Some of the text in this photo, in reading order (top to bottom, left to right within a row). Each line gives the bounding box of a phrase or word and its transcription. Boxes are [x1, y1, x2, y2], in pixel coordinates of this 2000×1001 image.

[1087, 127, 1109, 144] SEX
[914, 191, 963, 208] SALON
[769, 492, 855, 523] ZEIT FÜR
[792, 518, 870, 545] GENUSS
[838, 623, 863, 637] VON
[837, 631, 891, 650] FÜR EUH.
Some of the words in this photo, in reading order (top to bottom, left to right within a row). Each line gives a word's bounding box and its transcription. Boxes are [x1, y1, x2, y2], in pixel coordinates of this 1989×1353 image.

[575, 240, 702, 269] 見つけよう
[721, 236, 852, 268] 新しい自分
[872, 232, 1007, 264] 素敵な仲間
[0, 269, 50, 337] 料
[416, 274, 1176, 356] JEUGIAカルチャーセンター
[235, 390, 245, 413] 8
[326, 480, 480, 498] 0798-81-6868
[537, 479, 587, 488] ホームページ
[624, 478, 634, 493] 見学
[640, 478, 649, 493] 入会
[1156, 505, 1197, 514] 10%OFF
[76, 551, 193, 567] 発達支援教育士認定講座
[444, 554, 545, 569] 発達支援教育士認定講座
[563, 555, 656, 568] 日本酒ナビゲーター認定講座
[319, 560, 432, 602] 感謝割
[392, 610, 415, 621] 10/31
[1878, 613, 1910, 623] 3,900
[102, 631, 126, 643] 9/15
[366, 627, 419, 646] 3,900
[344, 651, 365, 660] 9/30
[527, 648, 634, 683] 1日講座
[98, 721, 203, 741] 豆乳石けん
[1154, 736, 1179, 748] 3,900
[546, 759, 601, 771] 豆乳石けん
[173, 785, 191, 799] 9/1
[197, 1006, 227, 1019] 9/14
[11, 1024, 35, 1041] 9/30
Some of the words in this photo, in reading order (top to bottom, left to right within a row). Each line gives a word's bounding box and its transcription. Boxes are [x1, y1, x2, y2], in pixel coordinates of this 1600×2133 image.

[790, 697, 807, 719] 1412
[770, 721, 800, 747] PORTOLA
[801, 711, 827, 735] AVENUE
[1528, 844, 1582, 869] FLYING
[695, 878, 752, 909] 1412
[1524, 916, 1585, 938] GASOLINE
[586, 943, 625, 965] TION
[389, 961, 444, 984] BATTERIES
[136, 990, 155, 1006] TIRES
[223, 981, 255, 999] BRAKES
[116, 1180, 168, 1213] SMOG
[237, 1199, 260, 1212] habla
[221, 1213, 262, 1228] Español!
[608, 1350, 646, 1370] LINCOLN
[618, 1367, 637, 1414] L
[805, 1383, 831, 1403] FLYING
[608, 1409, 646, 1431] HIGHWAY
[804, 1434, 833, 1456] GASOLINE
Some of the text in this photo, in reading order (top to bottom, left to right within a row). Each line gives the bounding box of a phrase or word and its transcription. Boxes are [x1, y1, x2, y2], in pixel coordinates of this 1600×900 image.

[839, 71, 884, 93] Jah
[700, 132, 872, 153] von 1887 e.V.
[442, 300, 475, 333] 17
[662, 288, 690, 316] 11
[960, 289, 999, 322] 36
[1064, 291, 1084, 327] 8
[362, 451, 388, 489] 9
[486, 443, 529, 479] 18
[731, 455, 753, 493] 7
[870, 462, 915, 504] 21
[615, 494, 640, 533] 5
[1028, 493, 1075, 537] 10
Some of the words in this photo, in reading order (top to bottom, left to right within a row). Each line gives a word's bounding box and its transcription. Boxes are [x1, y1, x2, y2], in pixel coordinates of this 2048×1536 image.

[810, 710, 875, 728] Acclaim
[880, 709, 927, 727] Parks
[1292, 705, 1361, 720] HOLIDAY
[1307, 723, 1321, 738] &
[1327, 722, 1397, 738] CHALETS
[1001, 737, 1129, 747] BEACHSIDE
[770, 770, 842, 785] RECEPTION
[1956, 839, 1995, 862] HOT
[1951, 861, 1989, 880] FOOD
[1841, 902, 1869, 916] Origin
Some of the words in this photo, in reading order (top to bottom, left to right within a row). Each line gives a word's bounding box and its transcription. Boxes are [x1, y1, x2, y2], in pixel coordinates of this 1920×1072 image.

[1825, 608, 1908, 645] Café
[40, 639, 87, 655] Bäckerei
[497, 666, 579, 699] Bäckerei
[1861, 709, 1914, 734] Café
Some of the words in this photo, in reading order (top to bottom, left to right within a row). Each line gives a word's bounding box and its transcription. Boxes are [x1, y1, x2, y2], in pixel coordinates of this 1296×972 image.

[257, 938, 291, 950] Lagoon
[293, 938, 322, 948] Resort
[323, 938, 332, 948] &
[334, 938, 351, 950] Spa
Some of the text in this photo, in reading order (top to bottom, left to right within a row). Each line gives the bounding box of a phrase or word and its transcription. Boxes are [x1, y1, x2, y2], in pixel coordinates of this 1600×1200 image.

═══

__WHAT TO PRODUCE__
Transcribe the material above in its entirety, precisely as written.

__FINISHED TASK__
Some of the text in this photo, in reading order (top to bottom, left to right within a row). Each line gives the bounding box of a phrase or word and its transcription. Boxes are [x1, y1, x2, y2], in pixel coordinates of this 2000×1001 image.

[1087, 127, 1109, 144] SEX
[914, 191, 963, 208] SALON
[769, 492, 855, 523] ZEIT FÜR
[792, 518, 870, 545] GENUSS
[838, 623, 863, 637] VON
[837, 631, 891, 650] FÜR EUH.
Some of the words in this photo, in reading order (top to bottom, left to right within a row). Each line gives a word's bounding box and its transcription. Boxes are [x1, y1, x2, y2], in pixel coordinates of this 1989×1353 image.

[575, 240, 702, 269] 見つけよう
[721, 236, 852, 268] 新しい自分
[872, 232, 1007, 264] 素敵な仲間
[0, 269, 50, 337] 料
[416, 274, 1176, 356] JEUGIAカルチャーセンター
[235, 390, 245, 413] 8
[326, 480, 480, 498] 0798-81-6868
[537, 479, 587, 488] ホームページ
[624, 478, 634, 493] 見学
[640, 478, 649, 493] 入会
[1156, 505, 1197, 514] 10%OFF
[76, 551, 193, 567] 発達支援教育士認定講座
[444, 554, 545, 569] 発達支援教育士認定講座
[563, 555, 656, 568] 日本酒ナビゲーター認定講座
[319, 560, 432, 602] 感謝割
[392, 610, 415, 621] 10/31
[1878, 613, 1910, 623] 3,900
[102, 631, 126, 643] 9/15
[366, 627, 419, 646] 3,900
[344, 651, 365, 660] 9/30
[527, 648, 634, 683] 1日講座
[98, 721, 203, 741] 豆乳石けん
[1154, 736, 1179, 748] 3,900
[546, 759, 601, 771] 豆乳石けん
[173, 785, 191, 799] 9/1
[197, 1006, 227, 1019] 9/14
[11, 1024, 35, 1041] 9/30
Some of the words in this photo, in reading order (top to bottom, left to right within a row). Each line gives a word's bounding box and its transcription. Boxes are [x1, y1, x2, y2], in pixel coordinates of this 1600×2133 image.

[790, 697, 807, 719] 1412
[770, 721, 800, 747] PORTOLA
[801, 711, 827, 735] AVENUE
[1528, 844, 1582, 869] FLYING
[695, 878, 752, 909] 1412
[1524, 916, 1585, 938] GASOLINE
[586, 943, 625, 965] TION
[389, 961, 444, 984] BATTERIES
[136, 990, 155, 1006] TIRES
[223, 981, 255, 999] BRAKES
[116, 1180, 168, 1213] SMOG
[237, 1199, 260, 1212] habla
[221, 1213, 262, 1228] Español!
[608, 1350, 646, 1370] LINCOLN
[618, 1367, 637, 1414] L
[805, 1383, 831, 1403] FLYING
[608, 1409, 646, 1431] HIGHWAY
[804, 1434, 833, 1456] GASOLINE
Some of the text in this photo, in reading order (top to bottom, left to right within a row). Each line gives the bounding box of a phrase or word and its transcription. Boxes are [x1, y1, x2, y2], in pixel coordinates of this 1600×900 image.

[839, 71, 884, 93] Jah
[700, 132, 872, 153] von 1887 e.V.
[442, 300, 475, 333] 17
[662, 288, 690, 316] 11
[960, 289, 999, 322] 36
[1064, 291, 1084, 327] 8
[362, 451, 388, 489] 9
[486, 443, 529, 479] 18
[731, 455, 753, 493] 7
[870, 462, 915, 504] 21
[615, 494, 640, 533] 5
[1028, 493, 1075, 537] 10
Some of the words in this photo, in reading order (top to bottom, left to right within a row). Each line gives a word's bounding box and its transcription. Boxes are [x1, y1, x2, y2], in pixel coordinates of this 2048×1536 image.

[810, 710, 875, 728] Acclaim
[880, 709, 927, 727] Parks
[1292, 705, 1361, 720] HOLIDAY
[1307, 723, 1321, 738] &
[1327, 722, 1397, 738] CHALETS
[1001, 737, 1129, 747] BEACHSIDE
[770, 770, 842, 785] RECEPTION
[1956, 839, 1995, 862] HOT
[1951, 861, 1989, 880] FOOD
[1841, 902, 1869, 916] Origin
Some of the words in this photo, in reading order (top to bottom, left to right within a row). Each line gives a word's bounding box and its transcription. Boxes are [x1, y1, x2, y2], in pixel coordinates of this 1920×1072 image.

[1825, 608, 1908, 645] Café
[40, 639, 87, 655] Bäckerei
[497, 666, 579, 699] Bäckerei
[1861, 709, 1914, 734] Café
Some of the words in this photo, in reading order (top to bottom, left to right within a row). Each line gives a word's bounding box and its transcription. Boxes are [x1, y1, x2, y2], in pixel coordinates of this 1296×972 image.

[257, 938, 291, 950] Lagoon
[293, 938, 322, 948] Resort
[323, 938, 332, 948] &
[334, 938, 351, 950] Spa
Some of the text in this photo, in reading order (top to bottom, left to right within a row). Each line gives the bounding box of a phrase or word and its transcription. Boxes are [x1, y1, x2, y2], in pixel coordinates of this 1600×1200 image.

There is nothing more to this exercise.